Lawmakers Focus On College Security After Newtown
By SUSAN HAIGH
HARTFORD, Conn. (AP) _ Connecticut lawmakers turned their focus Tuesday to ways to improve safety at colleges and universities, in addition to primary and secondary schools, following the deadly massacre at Sandy Hook Elementary School in Newtown.
Members of the General Assembly’s Higher Education Committee heard testimony on a bill that would require each state and independent higher education institution to submit an up-to-date security protocol plan to the state’s Department of Emergency Services and Public Protection by Oct. 1.
The schools would also be required to establish trained threat assessment teams for each of their campuses.
Rep. Roberta Willis, D-Lakeville, the committee’s co-chairman, said a bipartisan legislative task force charged with reviewing the Dec. 14 Newtown shooting originally planned to review security at colleges and universities but did not have enough time and instead focused on primary and secondary school safety measures. She said the higher education committee plans to address the issue this session, which adjourns June 5.
“When you look around the country at all the difference incidences that have happened, sadly, a lot of them have been on college campuses,” said Willis, adding how many recent mass shooters, including the Newtown killer, were of college age. “We know that the behavioral health issues sometimes percolate to the surface during those years.”
Barbara O’Connor, chief of police and director of public safety at the University of Connecticut, said UConn supports legislation that requires trained threat assessment teams, adding how the legislation coincides with the university’s efforts to update its own threat assessment procedures and provide additional training for assessing and responding to threats.
She recommended, however, that lawmakers allow each school’s administration to decide who should be a member of those teams.

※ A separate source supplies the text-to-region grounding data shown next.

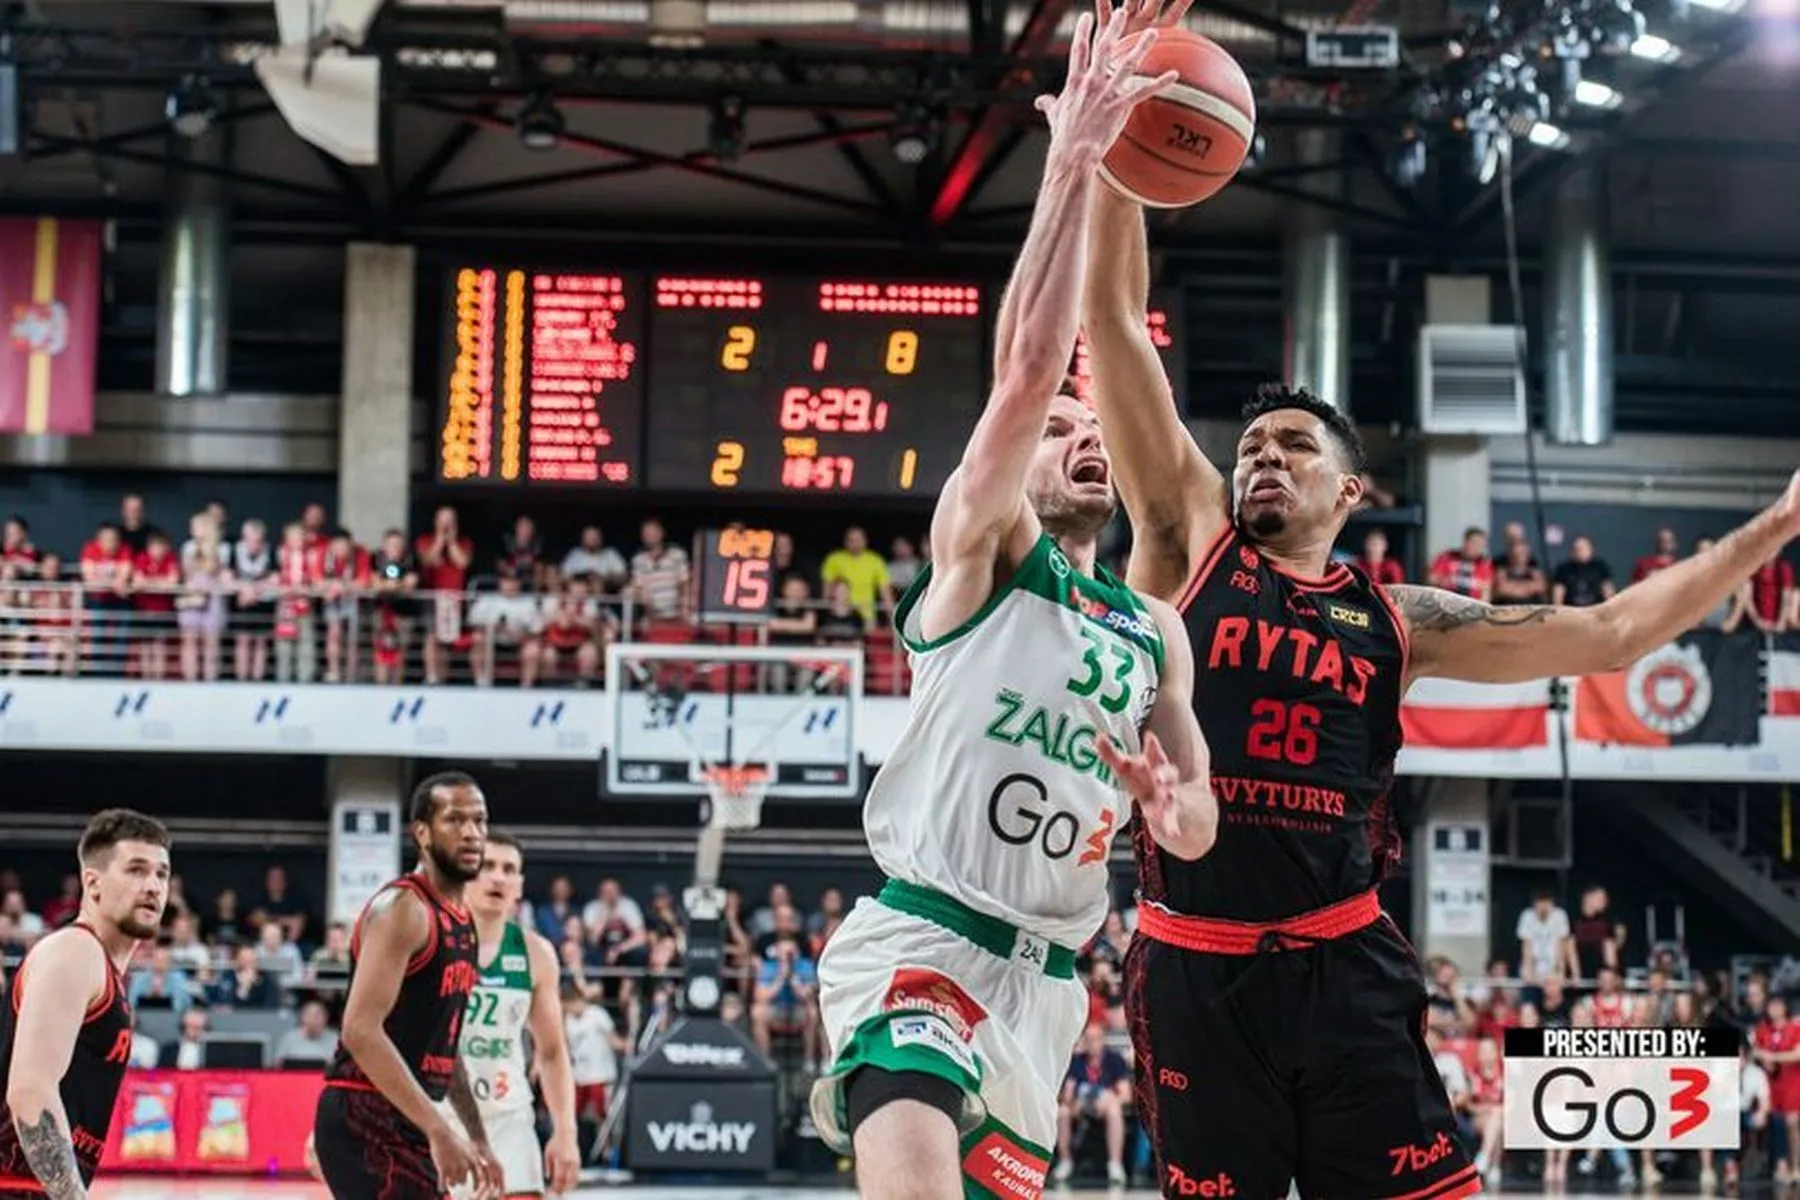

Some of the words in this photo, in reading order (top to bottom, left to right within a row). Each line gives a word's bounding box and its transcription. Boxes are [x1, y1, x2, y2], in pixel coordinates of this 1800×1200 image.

[722, 325, 756, 371] 2
[812, 340, 828, 371] 1
[885, 330, 919, 374] 8
[711, 441, 745, 487] 2
[901, 448, 917, 489] 1
[723, 559, 770, 609] 15
[1066, 625, 1135, 713] 33
[1208, 616, 1377, 706] RYTAS
[1246, 697, 1322, 766] 26
[988, 773, 1114, 866] Go3
[467, 991, 500, 1027] 92
[646, 1119, 757, 1153] VICHY

She also urged the committee to change the bill and not require students to be included on such teams.
“Threat assessment teams necessarily review and discuss some of the any institution’s most sensitive information, including medical records of faculty, staff and students, and records of performance and evaluation,” she said. “It would be extremely difficult, if not impossible, to engage in such discussions without including identifiable information that simply should not be shared with students.”
Willis said lawmakers plan to rewrite the legislation to say institutions “may” include a student on the teams rather than “shall” include one.

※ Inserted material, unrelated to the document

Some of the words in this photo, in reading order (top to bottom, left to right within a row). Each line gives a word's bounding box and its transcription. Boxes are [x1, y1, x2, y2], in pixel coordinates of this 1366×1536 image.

Jane Fried, a professor and director of Student Development in Higher Education, masters in counseling program at Central Connecticut State University, suggested the legislators think beyond the bill that’s under consideration. In addition to threat assessment teams, she said all campus employees need to be trained to recognize the signs that a student may be in emotional trouble.

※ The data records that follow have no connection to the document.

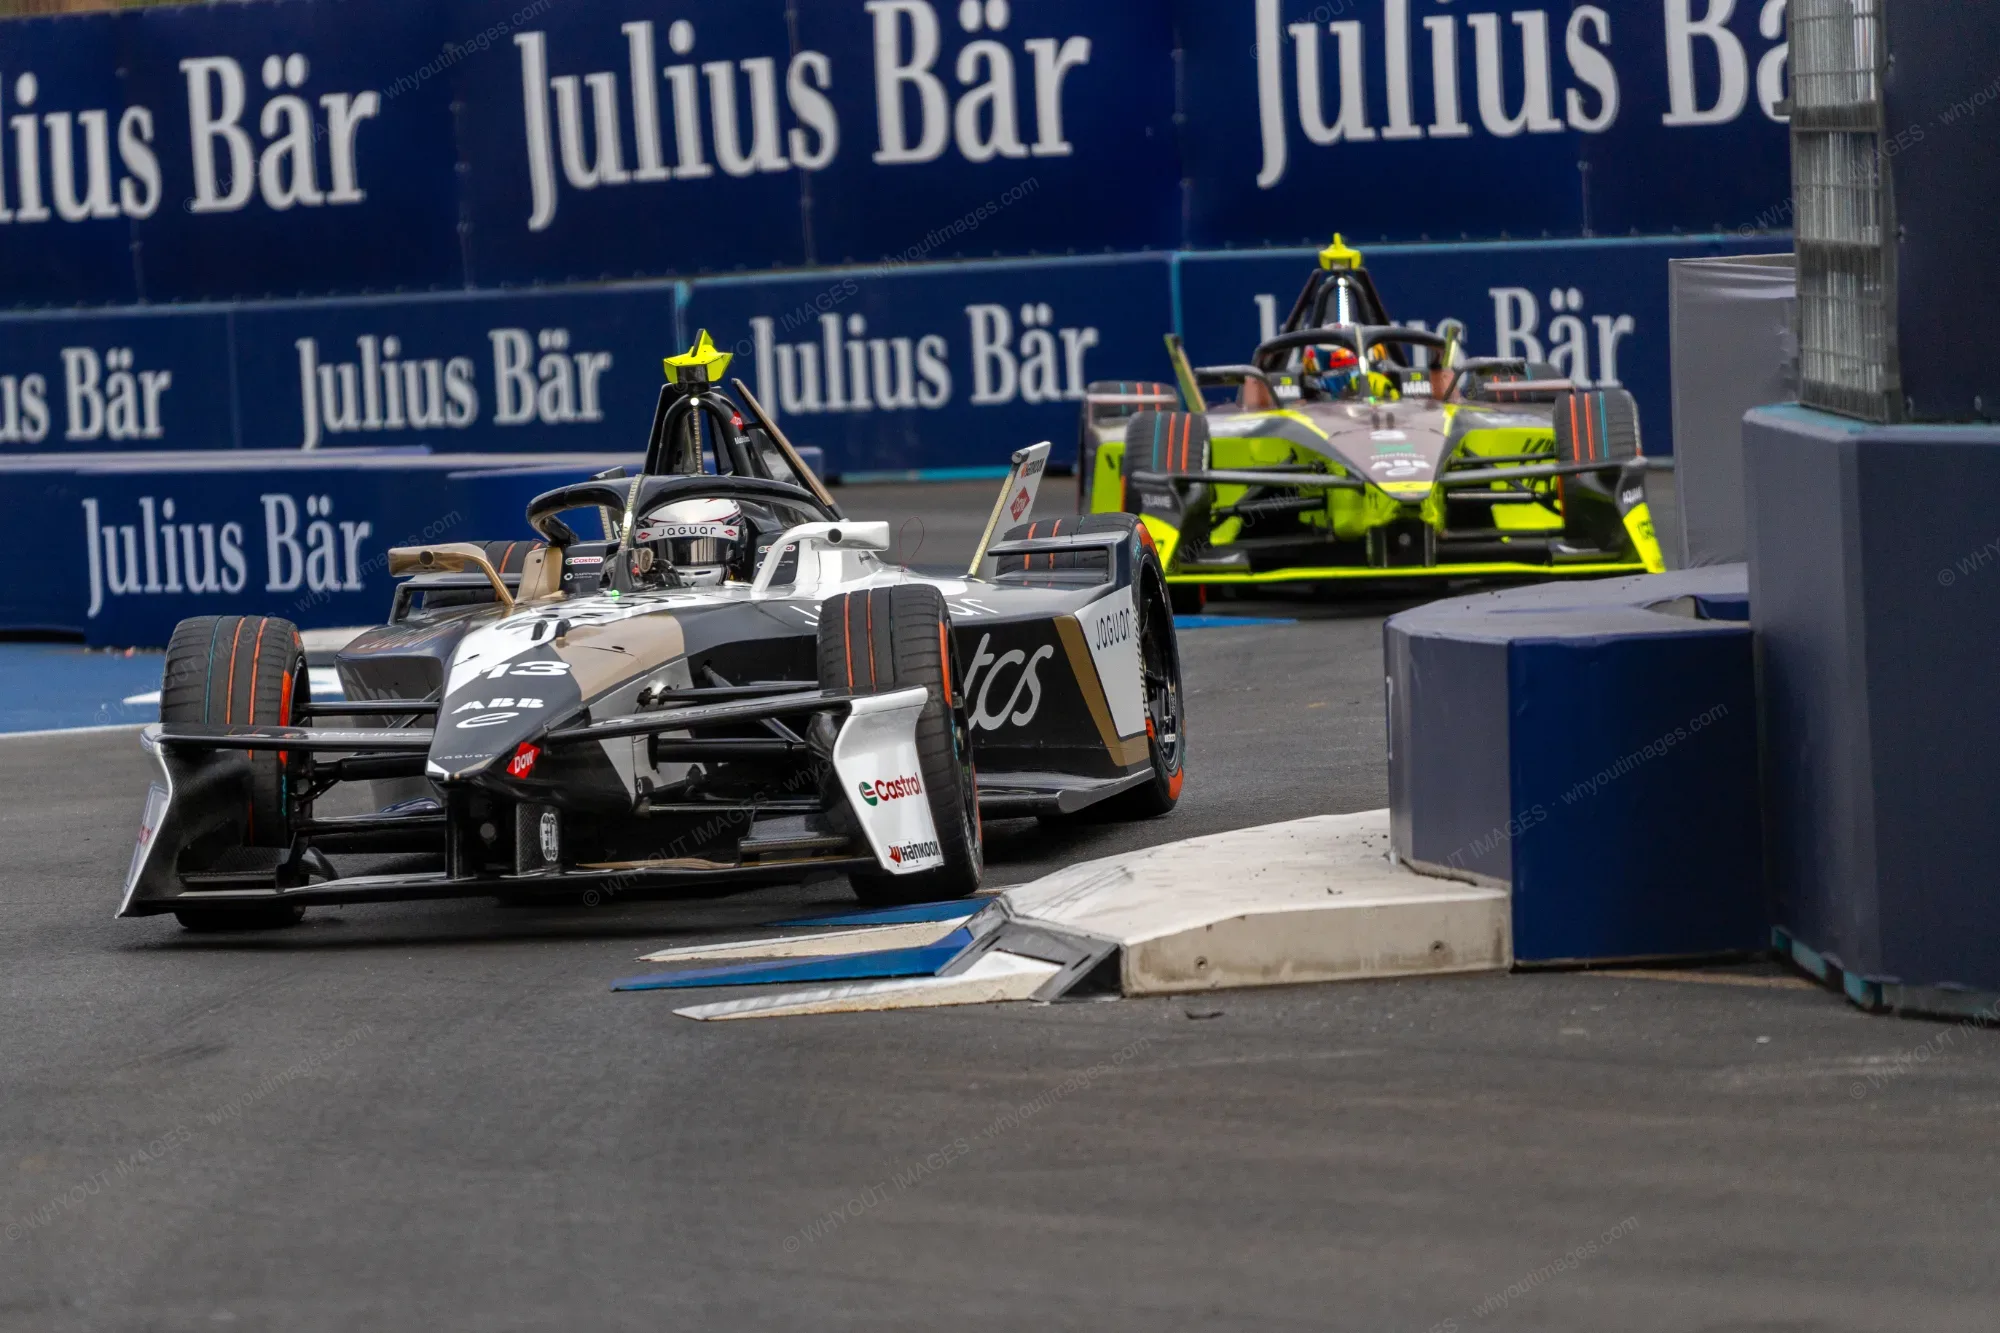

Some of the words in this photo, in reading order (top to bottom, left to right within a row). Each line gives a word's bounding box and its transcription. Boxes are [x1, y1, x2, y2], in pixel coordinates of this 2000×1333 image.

[0, 71, 163, 223] ius
[179, 53, 381, 213] Bär
[513, 20, 839, 232] Julius
[865, 0, 1092, 165] Bär
[1256, 0, 1620, 189] Julius
[295, 335, 480, 451] Julius
[487, 328, 612, 426] Bär
[749, 312, 952, 422] Julius
[966, 303, 1099, 405] Bär
[1489, 286, 1636, 388] Bär
[60, 346, 173, 441] Bär
[82, 496, 247, 618] Julius
[260, 493, 374, 593] Bär
[450, 697, 545, 715] ABB
[479, 660, 571, 679] 13
[963, 632, 1054, 731] tcs
[874, 771, 923, 802] Castrol

“We could do this with current employees and be equally effective,” she said, when asked whether she supported requiring schools to hire more trained counselors. She said faculty members in particular should receive training, considering they spend so much time with students.
Fried said colleges and universities need to focus on helping students achieve their goals, making sure every student has at least one employee or advanced student who can be a mentor and guide them through at least their first two years of school. Fried said many students are under a lot of stress about repaying student loans and finding jobs after graduation.
She said there are two particularly high-risk groups of students that schools need to be aware of.
They include students who are the first generation in their families to attend college and may not have the support at home. Also, Fried said there are many returning veterans who have transitional problems as they move from a group-oriented environment to a competitive college environment.